Cide municipal é uma má ideia


  • Um tributo local deve ter uma base tributária imóvel.  Se não tiver, é fácil para o contribuinte escapar. É por essa razão que o IPTU é um imposto local e o Imposto de Renda, não. Carros - surpresa! - são móveis. Uma Cide municipal faria com que os municípios das periferias metropolitana oferecessem isenções. No final das contas, a nova contribuição geraria ineficiência e baixa arrecadação;
  • Além disso, andar de carro não é o problema da mobilidade de mobilidade urbana. O problema é andar de carro em zonas congestionadas. A Cide incidiria igualmente sobre quem usa o carro na Av. Paulista às 18:30 e sobre quem dirige de madrugada em uma rua deserta. (Ter carro também não é problema. Inglaterra e Japão têm o dobro no número de veículos per capita do que o Brasil);
  • Pedágio urbano, por favor.

5 comentários:

Henrique disse...

Muito, muito bom, Léo. Clareza impressionante.

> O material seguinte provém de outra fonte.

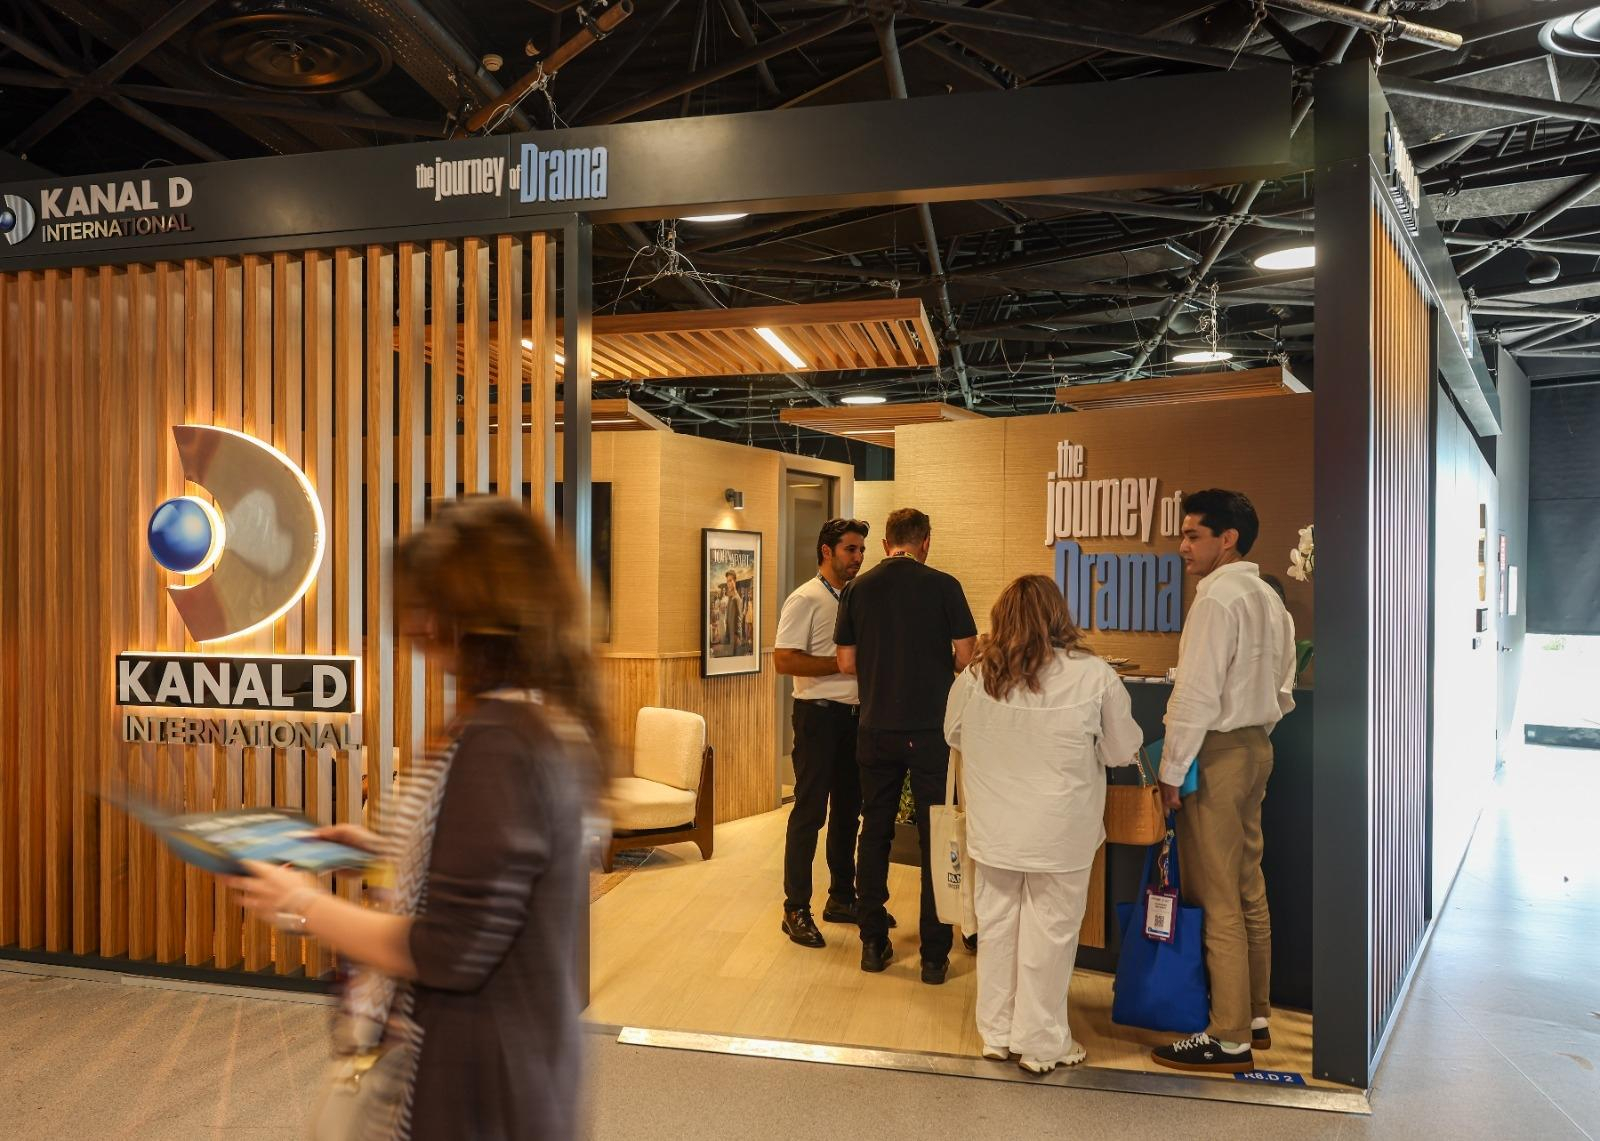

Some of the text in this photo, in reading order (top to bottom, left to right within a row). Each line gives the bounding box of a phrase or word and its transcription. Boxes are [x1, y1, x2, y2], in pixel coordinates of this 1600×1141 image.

Leonardo Monasterio disse...

Gracias!

RONALDO disse...

Só para constar, são inúmeros os municípios que, próximo às capitais, oferecem menos custo de emplacamento e tributário. Uma franca concorrência com oferta de endereços fitícios.

Julio Meirelles disse...

Indo além, como seria um modelo de implantação do pedágio?

Leonardo Monasterio disse...

Em Londres e Cingapura, scanners das placas fazem a cobrança do proprietário nas entradas dos centroes das cidades.

Eu li em algum lugar que Cingapura tinha um esquema mais low tech.Para andar de carro na area central nos dias de semana vc tinha que comprar uma placa distinta.